2018-05-15 Thread Petr Viktorin

On 05/15/18 05:15, Jeroen Demeyer wrote:

On 2018-05-14 19:56, Petr Viktorin wrote:

It does quite a lot of things, and the changes are all intertwined,
which will make it hard to get reviewed and accepted.


The problem is that many things *are* already intertwined currently. You 
cannot deal with functions without involving methods for example.


An important note is that it was never my goal to create a minimal PEP. 
I did not aim for changing as little as possible. I was thinking: we are 
changing functions, what would be the best way to implement them?


That might be a problem. For the change to be accepted, a core developer 
will need to commit to maintaining the code, understand it, and accept 
responsibility for anything that's broken. Naturally, large-scale 
changes have less of a chance there.


With such a "finished product" PEP, it's hard to see if some of the 
various problems could be solved in a better way -- faster, more 
maintainable, or less disruptive.
It's also harder from a psychological point of view: you obviously 
already put in a lot of good work, and it's harder to waste that work if 
an even better solution is found. (I always tell Marcel to view 
large-scale changes as a hands-on learning experiment -- more likely to 
be thrown away than accepted -- rather than as creating a finished project.)

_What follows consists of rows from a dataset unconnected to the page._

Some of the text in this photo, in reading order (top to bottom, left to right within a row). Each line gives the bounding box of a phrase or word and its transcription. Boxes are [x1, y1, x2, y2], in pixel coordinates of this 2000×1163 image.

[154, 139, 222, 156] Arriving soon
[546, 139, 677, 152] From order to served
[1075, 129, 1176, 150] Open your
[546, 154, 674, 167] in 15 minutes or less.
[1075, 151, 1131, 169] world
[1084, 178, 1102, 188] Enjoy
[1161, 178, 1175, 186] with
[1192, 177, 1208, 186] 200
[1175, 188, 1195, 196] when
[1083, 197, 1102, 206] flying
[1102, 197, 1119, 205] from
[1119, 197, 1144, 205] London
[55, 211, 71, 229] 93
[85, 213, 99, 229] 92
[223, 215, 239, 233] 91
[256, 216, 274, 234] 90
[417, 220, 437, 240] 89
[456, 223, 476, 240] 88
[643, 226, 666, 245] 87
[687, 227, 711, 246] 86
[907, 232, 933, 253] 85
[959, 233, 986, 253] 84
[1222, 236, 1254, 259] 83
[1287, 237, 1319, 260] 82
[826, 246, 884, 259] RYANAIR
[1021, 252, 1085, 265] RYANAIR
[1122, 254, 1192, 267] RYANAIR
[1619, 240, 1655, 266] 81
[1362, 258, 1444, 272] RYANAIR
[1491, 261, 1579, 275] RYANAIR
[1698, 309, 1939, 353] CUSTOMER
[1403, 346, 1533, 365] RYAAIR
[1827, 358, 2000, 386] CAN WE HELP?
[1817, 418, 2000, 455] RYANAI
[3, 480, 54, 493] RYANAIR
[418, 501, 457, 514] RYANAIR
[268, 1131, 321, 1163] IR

The main goal was fixing introspection but a secondary goal was fixing 
many of the existing warts with functions. Probably this secondary goal 
will in the end be more important for the general Python community.


I would argue that my PEP may look complicated, but I'm sure that the 
end result will be a simpler implementation than we have today. Instead 
of having four related classes implementing similar functionality 
(builtin_function_or_method, method, method_descriptor and function), we 
have just one (base_function). The existing classes like method still 
exist with my PEP but a lot of the core functionality is implemented in 
the common base_function.


Is a branching class hierarchy, with quite a few new of flags for 
feature selection, the kind of simplicity we want?
Would it be possible to first decouple things, reducing the complexity, 
and then tackle the individual problems?


This is really one of the key points: while my PEP *could* be 
implemented without the base_function class, the resulting code would be 
far more complicated.



Are there parts that can be left to a subsequent PEP, to simplify the
document (and implementation)?


It depends. The current PEP is more or less a finished product. You can 
of course pick parts of the PEP and implement those, but then those 
parts will be somewhat meaningless individually.

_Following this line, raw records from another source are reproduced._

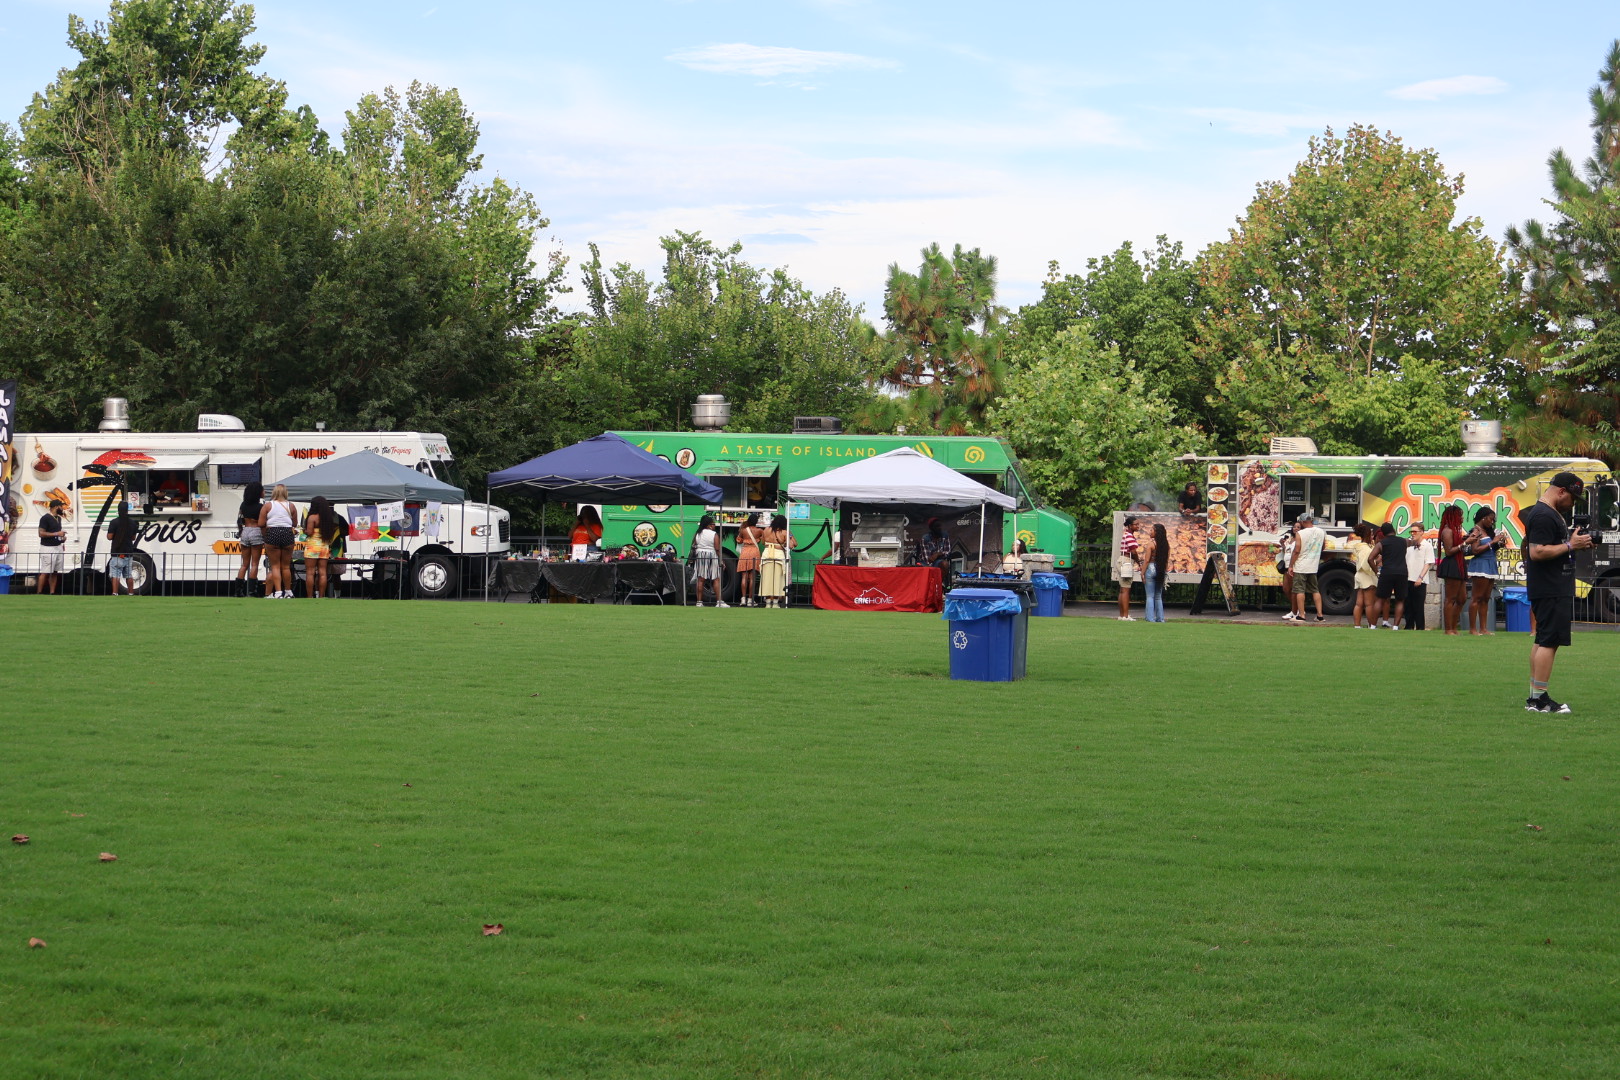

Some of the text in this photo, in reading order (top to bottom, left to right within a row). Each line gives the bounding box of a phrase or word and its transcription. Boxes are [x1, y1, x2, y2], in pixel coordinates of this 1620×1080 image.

[292, 448, 328, 460] VISIT US
[720, 445, 877, 457] A TASTE OF ISLAND
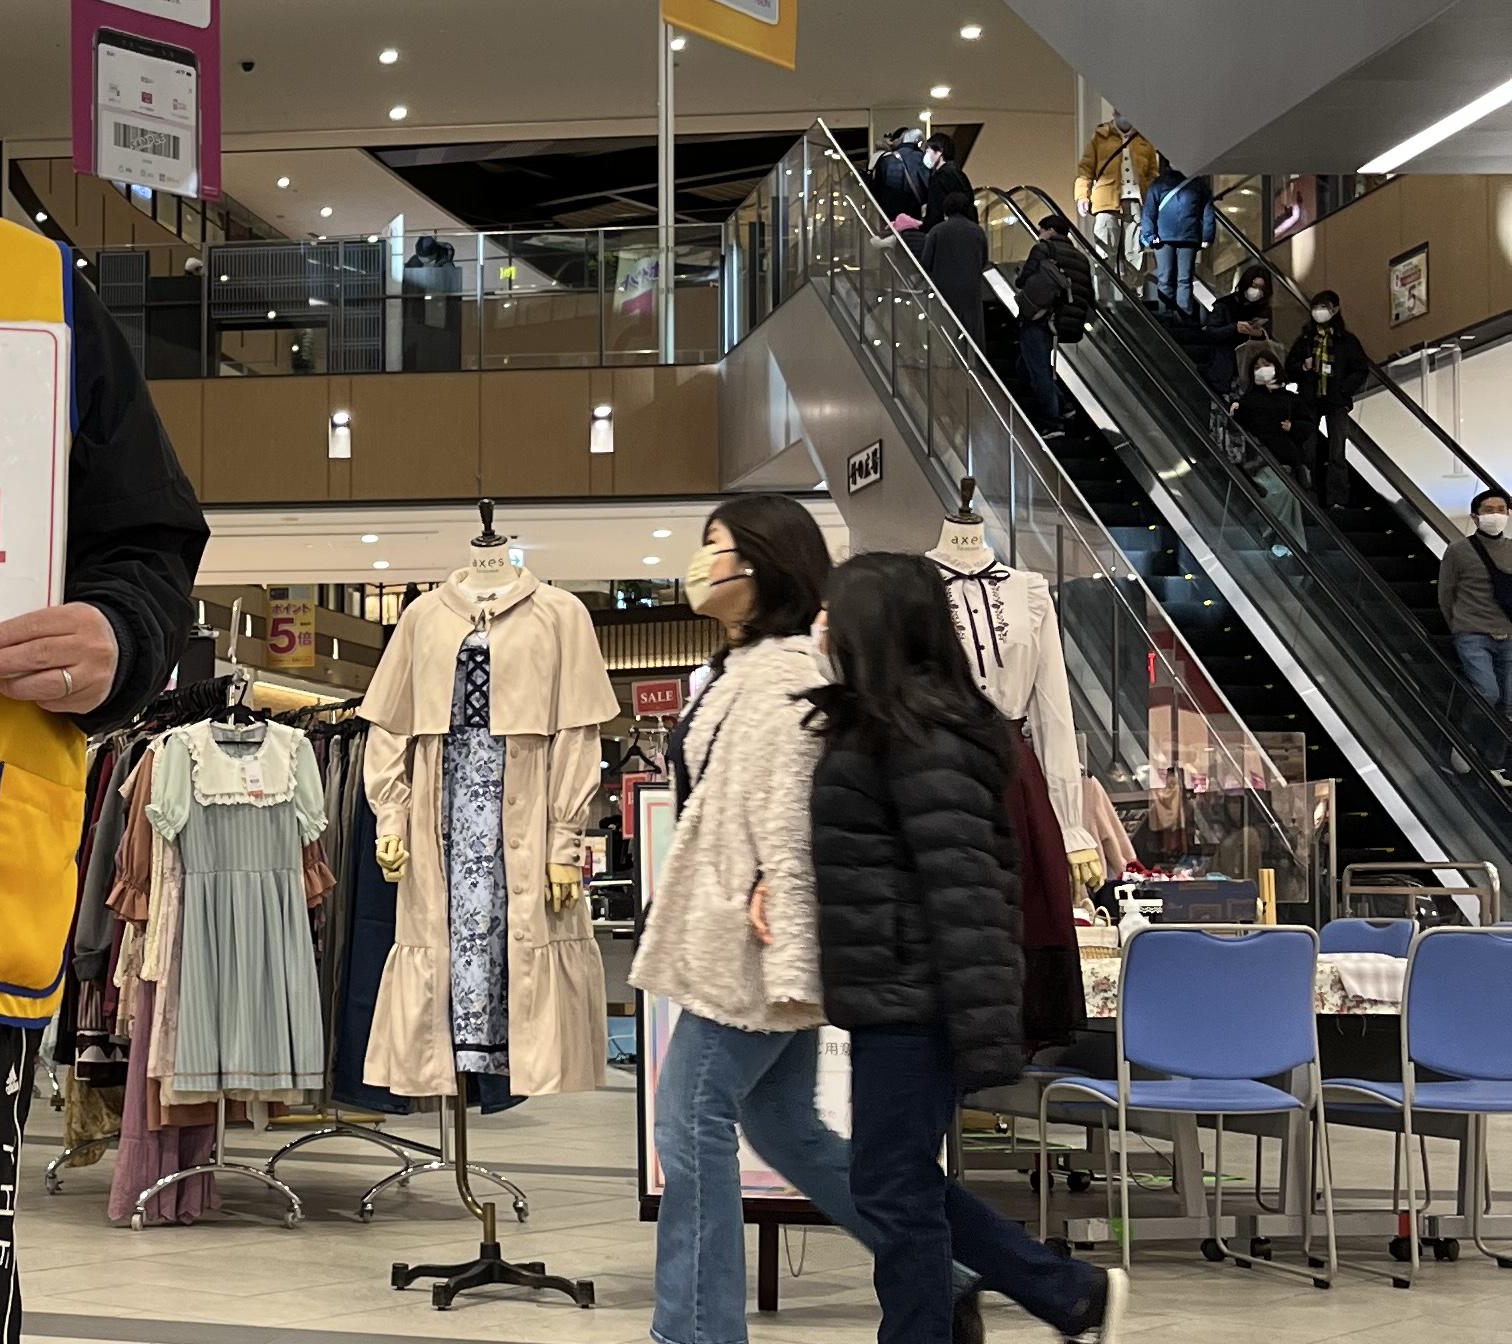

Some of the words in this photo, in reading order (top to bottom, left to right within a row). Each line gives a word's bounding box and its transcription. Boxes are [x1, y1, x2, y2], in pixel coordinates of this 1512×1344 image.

[472, 558, 504, 568] axes
[269, 617, 296, 654] 5
[640, 690, 674, 704] SALE

But if PEP 575 is accepted "in principle" (you accept the new class 
hierarchy for functions), then the details could be spread over several 
PEPs. But those individual PEPs would only make sense in the light of 
PEP 575.


Well, that's the thing I'm not sure about.
The class hierarchy still makes it hard to decouple the introspection 
side (how functions look on the outside) from the calling mechanism (how 
the calling works internally). It fear that it is replacing complexity 
with a different kind of complexity.
So my main question now is, can this all be *simplified* rather than 
*reorganized*? It's a genuine question – I don't know, but I feel it 
should be explored more.


A few small details could be left out, such as METH_BINDING. But that 
wouldn't yield a significant simplification.

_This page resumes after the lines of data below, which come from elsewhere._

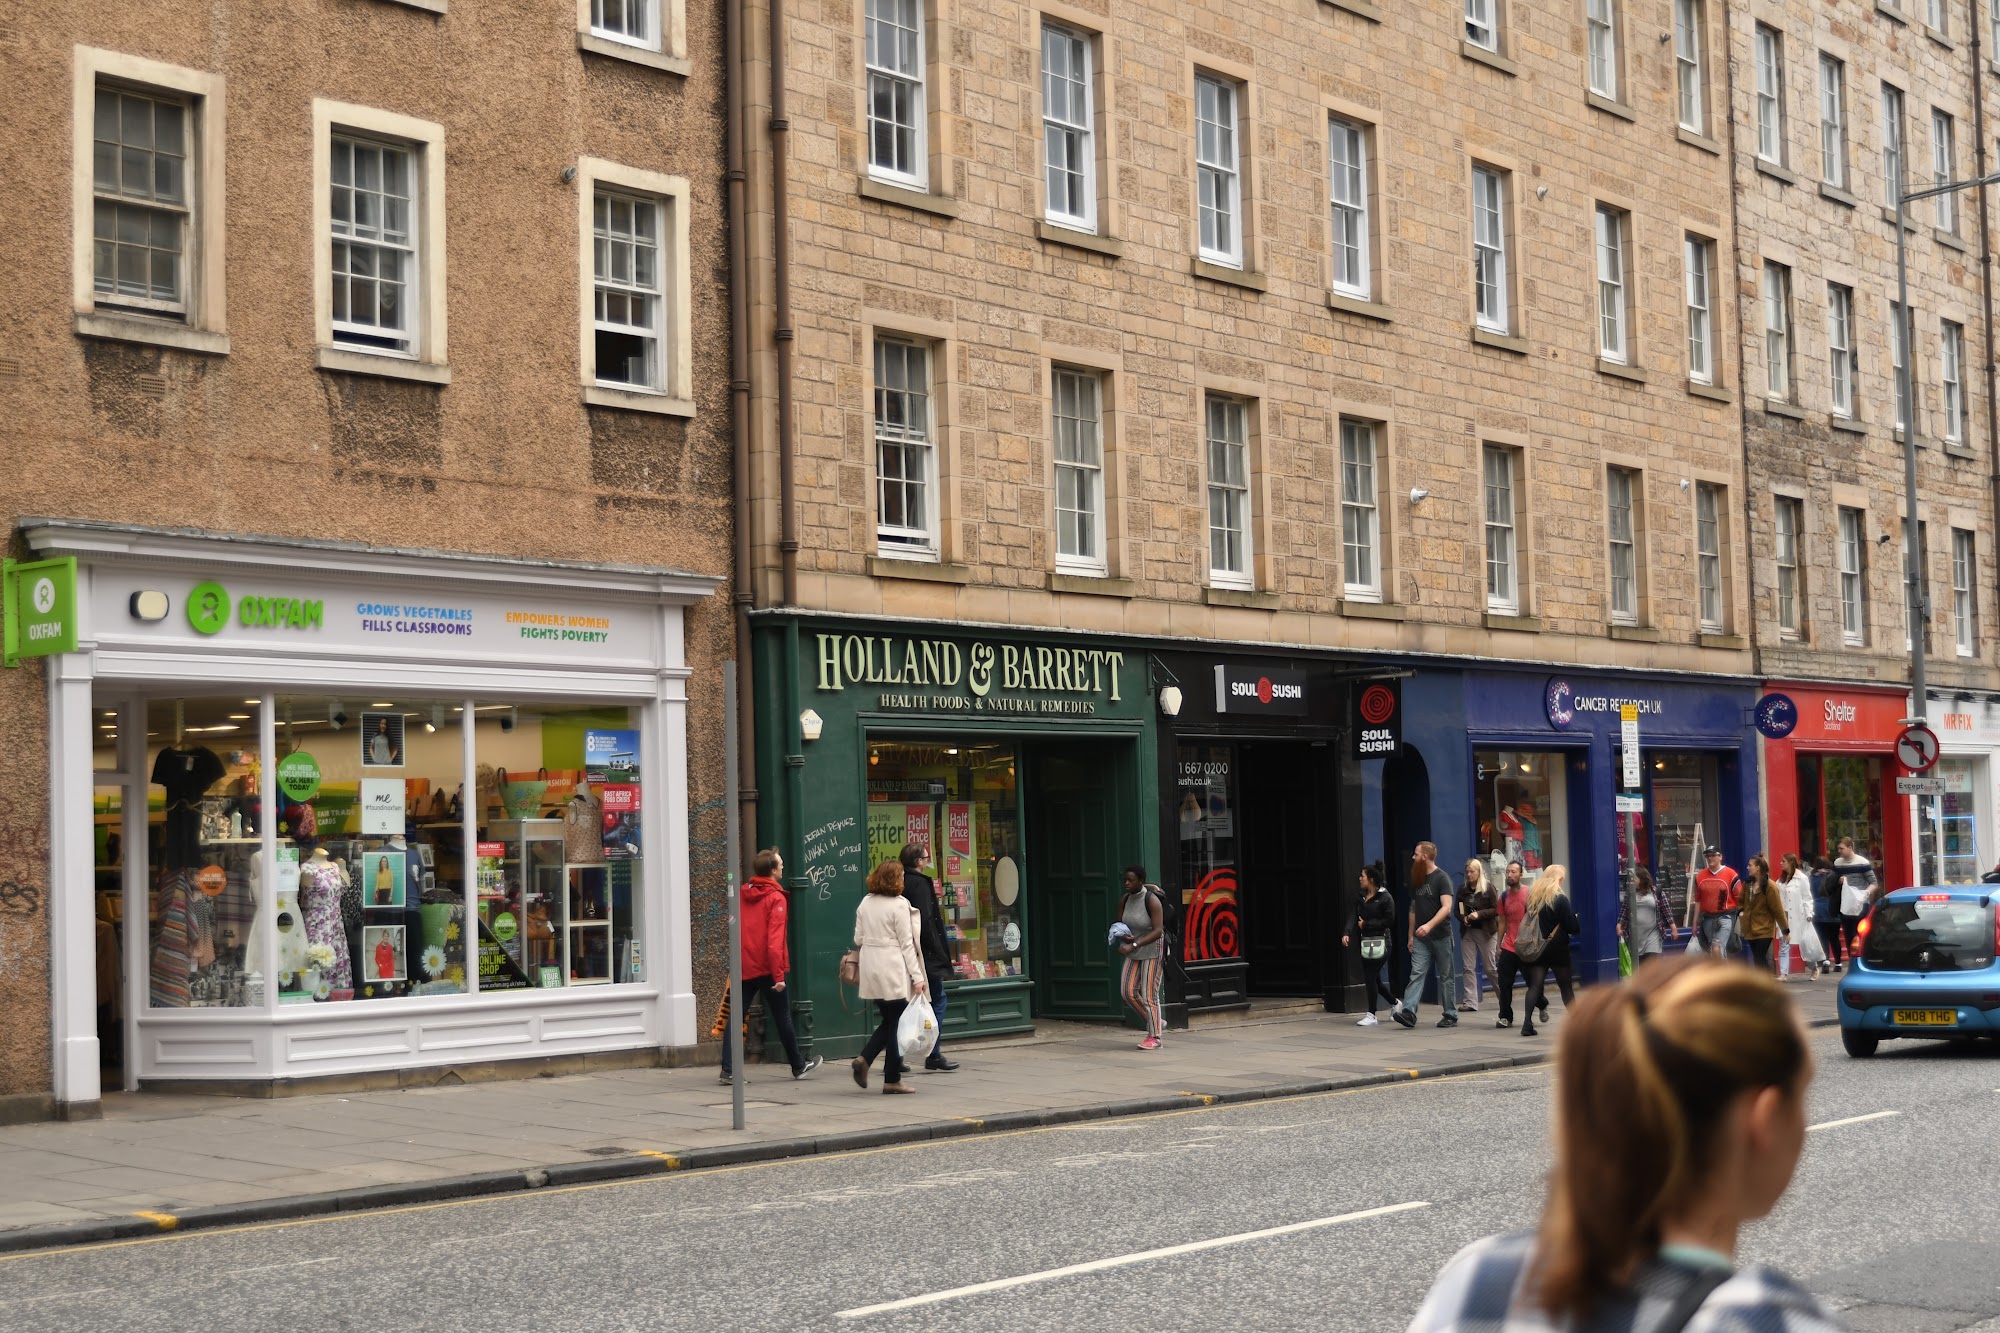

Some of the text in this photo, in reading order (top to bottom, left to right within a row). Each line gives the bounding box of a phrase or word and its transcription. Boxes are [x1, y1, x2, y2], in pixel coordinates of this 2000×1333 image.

[240, 595, 324, 628] OXFAM
[357, 603, 473, 621] GROWS VEGETABLES
[362, 619, 472, 635] FILLS CLASSROOMS
[506, 612, 609, 629] EMPOWERS WOMEN
[29, 622, 62, 640] OXFAM
[521, 627, 608, 643] FIGHTS POVERTY
[816, 633, 1124, 700] HOLLAND & BARRETT
[1231, 682, 1301, 698] SOUL SUSHI
[881, 694, 1095, 713] HEALTH FOODS & NATURAL REMEDIES
[1574, 696, 1607, 712] CANCER
[1651, 700, 1662, 713] UK
[1824, 699, 1856, 722] Shelter
[1823, 721, 1841, 731] Scotland
[1943, 713, 1956, 730] MR
[1958, 713, 1972, 731] FIX
[1361, 729, 1392, 741] SOUL
[587, 735, 595, 752] 8
[1359, 740, 1395, 752] SUSHI
[279, 770, 320, 778] VOLUNTEERS
[1184, 762, 1201, 774] 667
[1204, 762, 1228, 775] 0200
[548, 778, 571, 787] ASHION
[867, 780, 894, 792] OLLAND
[1898, 782, 1924, 791] Except
[375, 794, 392, 803] me
[317, 810, 330, 818] FAIR
[950, 813, 968, 827] Half
[317, 818, 337, 826] CARDS
[907, 814, 929, 830] Half
[868, 823, 905, 845] etter
[907, 830, 929, 844] Price
[950, 826, 969, 838] Price
[479, 954, 506, 965] ONLINE
[479, 965, 500, 975] SHOP
[544, 973, 559, 981] YOUR
[544, 980, 561, 988] LOFT!
[1898, 1011, 1950, 1022] SM08 THG

It seems to me that the current complexity is (partly) due to the fact
that how functions are *called* is tied to how they are *introspected*.


The *existing* situation is that introspection is totally tied to how 
functions are called. So I would argue that my PEP improves on that by 
removing some of those ties by moving __call__ to a common base class.



Maybe we can change `inspect` to use duck-typing instead of isinstance?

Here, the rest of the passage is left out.